순회에는 이렇게 4가지 종류가 있다.

Pre-order

전위 순회는 Root -> Left -> Right 순으로 진행한다.

위의 예제을 전위 순회하면 3,6,5,4,8,7,1,2 이다.

트리 순회의 기초를 익히기 위해 리트 코드의 문제를 풀이해보았다.

589. N-ary Tree Preorder Traversal

/*
// Definition for a Node.
class Node {
    public int val;
    public List<Node> children;

    public Node() {}

    public Node(int _val) {
        val = _val;
    }

    public Node(int _val, List<Node> _children) {
        val = _val;
        children = _children;
    }
};
*/

class Solution {
    List<Integer> result = new ArrayList<>();
    public List<Integer> preorder(Node root) {
        if(root == null) return new ArrayList<Integer>();

        result.add(root.val);

        if(root.children != null) {
            for(Node node : root.children) {
                preorder(node);
            }
        }

        return result;
    }
}

특이점이라면, 일반적인 트리 문제 풀이에서 주로 아래와 같은 구조의 클래스를 사용했는데, 위 문제에서는 자식을 List로 구현했다.

public class Node{
    int val;
    Node left;
    Node right;

    Node(int val) {
        this.val = val;
    }
}

자식 노드를 별도의 노드로 연결해줬다면, Root -> Left -> Right 순이기 때문에, Left를 우선적으로 재귀호출 했을텐데 List의 형태이기 때문에 List의 인덱스 순서가 빠를 수록 왼쪽에 있는 것으로 for문으로 List의 원소를 꺼내고 꺼내는 데로 재귀를 호출한다.

In-order

중위 순회는 Left -> Root -> Right 순으로 진행 한다.
위 예제를 중위 순회하면 5,6,8,4,3,1,2,7이 된다.

94. Binary Tree Inorder Traversal

/**
 * Definition for a binary tree node.
 * public class TreeNode {
 *     int val;
 *     TreeNode left;
 *     TreeNode right;
 *     TreeNode() {}
 *     TreeNode(int val) { this.val = val; }
 *     TreeNode(int val, TreeNode left, TreeNode right) {
 *         this.val = val;
 *         this.left = left;
 *         this.right = right;
 *     }
 * }
 */
class Solution {
    List<Integer> result = new ArrayList<>();
    public List<Integer> inorderTraversal(TreeNode root) {
        if(root == null) return new ArrayList<Integer>();

        if(root.left != null) inorderTraversal(root.left);
        result.add(root.val);
        if(root.right != null) inorderTraversal(root.right);

        return result;
    }
}

위 문제는 나에게 익숙한 형태로 노드 클래스가 선언되어 있다.
Left -> Root -> Right 의 순서에 맞춰 조건문 짜준다.

Post-order

후위 순환은 Left -> Root -> Rightt순으로 진행한다.
위 예제를 후위 순환하면 5,8,4,6,2,1,7,3이 된다.
처음 봤을때 1보다 2가 먼저 나오는 것에 대해 좀 당황 스러웠다.
모든 순환은 순환 과정의 현재 노드를 루트 노드인 서브 트리로 보고,
순환을 진행 하므로 위 예제에서 왼쪽의 순환을 끝내고 오른쪽으로 넘어 왔을 때,
루트 노드가 1인 서브트리를 순환할 때, Left -> Right -> Root 순이기 때문에 Left(null) -> Right(2) -> Root(1) 순으로 순환하게 된다.
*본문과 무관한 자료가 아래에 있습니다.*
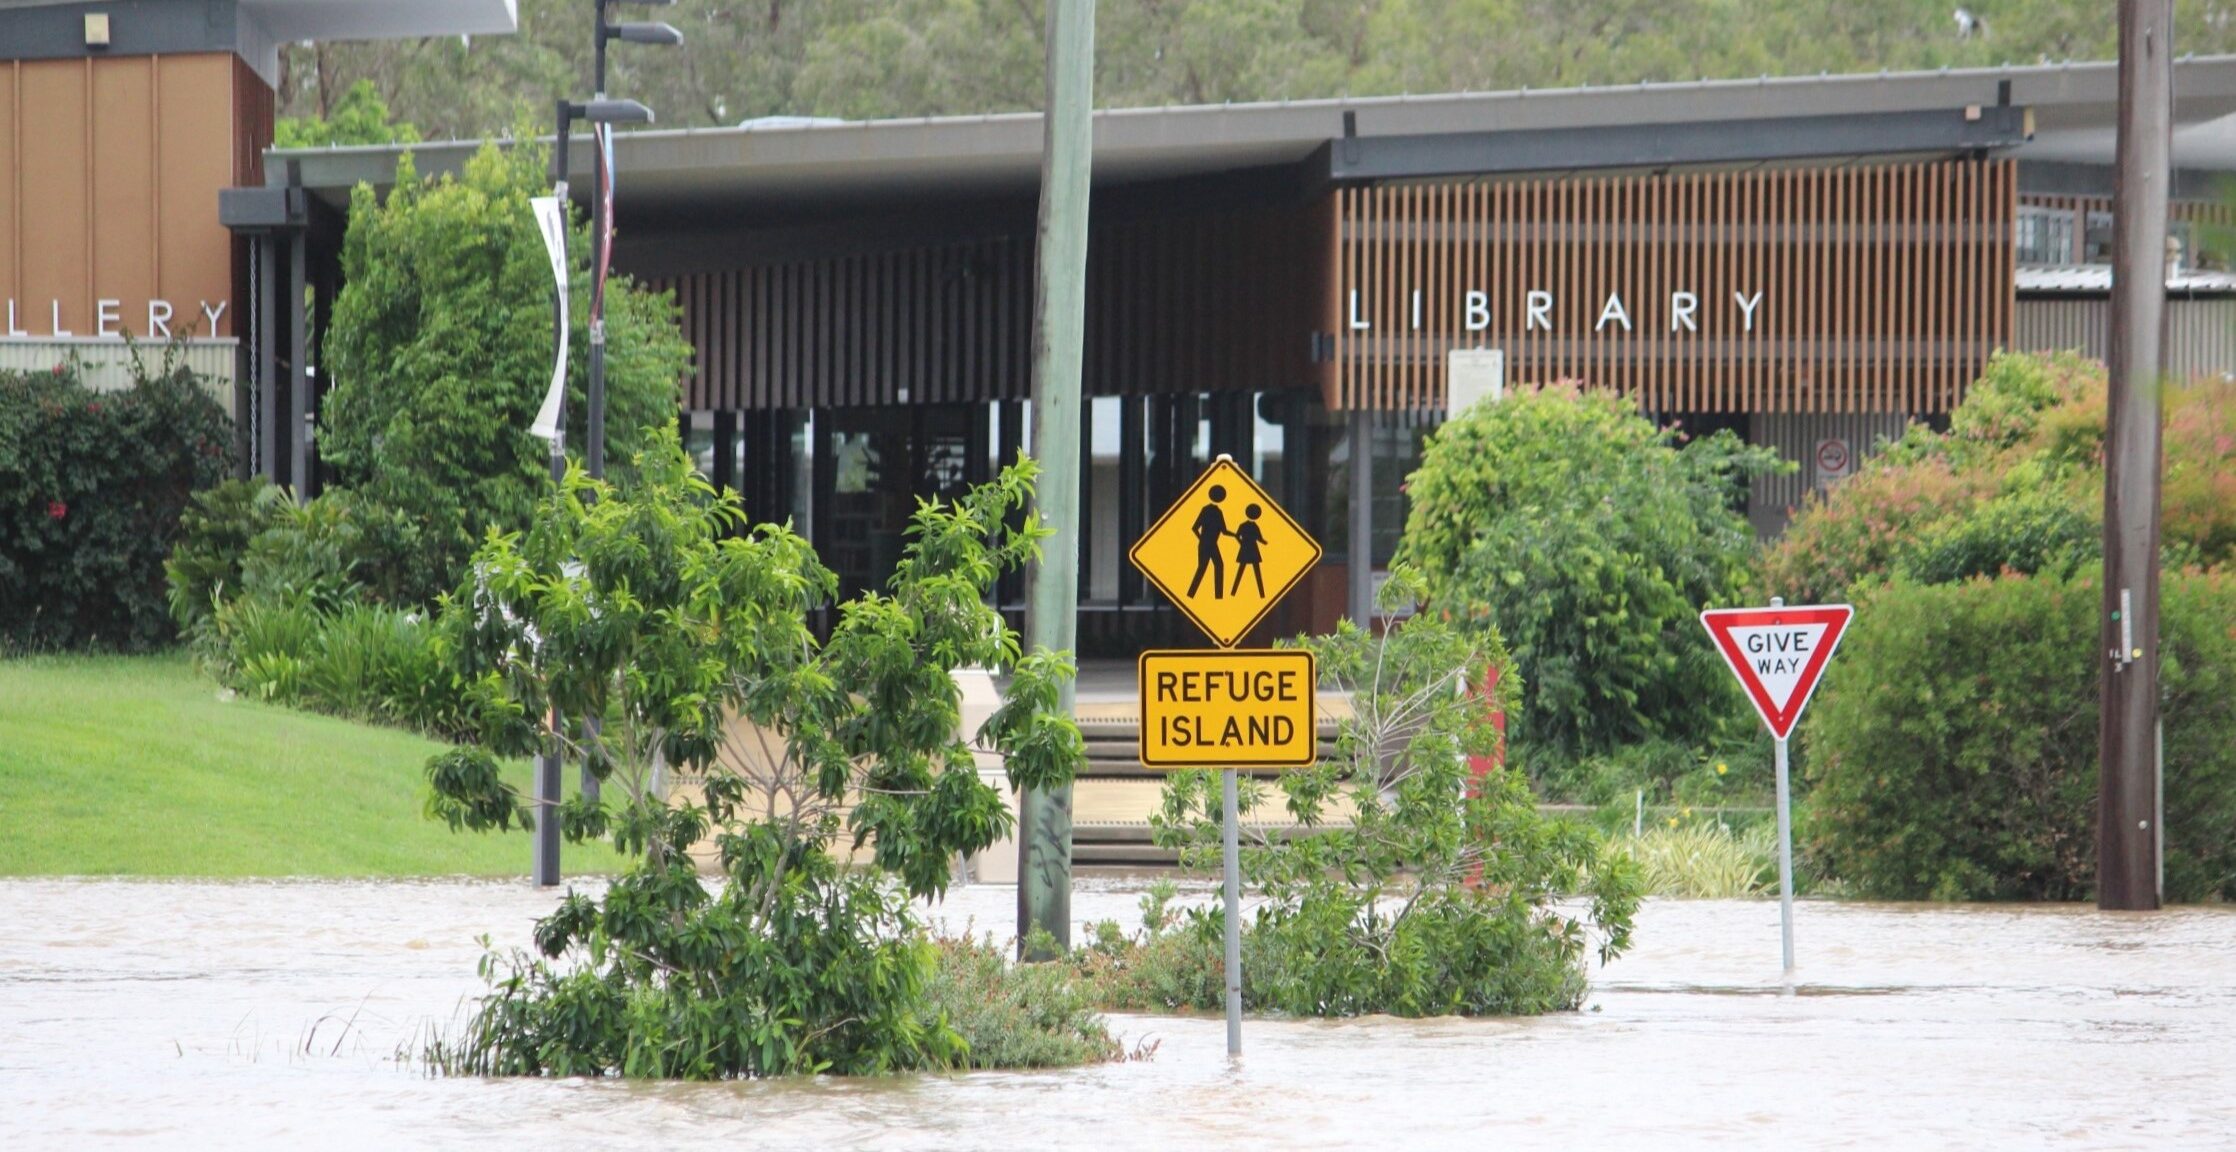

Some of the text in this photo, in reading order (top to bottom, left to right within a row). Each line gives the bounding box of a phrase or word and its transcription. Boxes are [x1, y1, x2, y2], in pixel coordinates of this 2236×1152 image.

590. N-ary Tree Postorder Traversal

/*
// Definition for a Node.
class Node {
    public int val;
    public List<Node> children;

    public Node() {}

    public Node(int _val) {
        val = _val;
    }

    public Node(int _val, List<Node> _children) {
        val = _val;
        children = _children;
    }
};
*/

class Solution {
    public List<Integer> postorder(Node root) {
        ArrayList<Integer> result = new ArrayList<>();

        if(root == null) return result;

        for(Node node : root.children) {
            result.addAll(postorder(node));
        }
        result.add(root.val);
        return result; 
    }
}

코드의 구조를 보면 알겠지만, List로 연결 되어 있으면,
자식 노드를 가장 깊게 들어가면 된다.
이후 최고 레벨의 노드로 가게되면 Left -> Right -> Root 순이므로 List의 인덱스 순으로 순환을 하면 된다.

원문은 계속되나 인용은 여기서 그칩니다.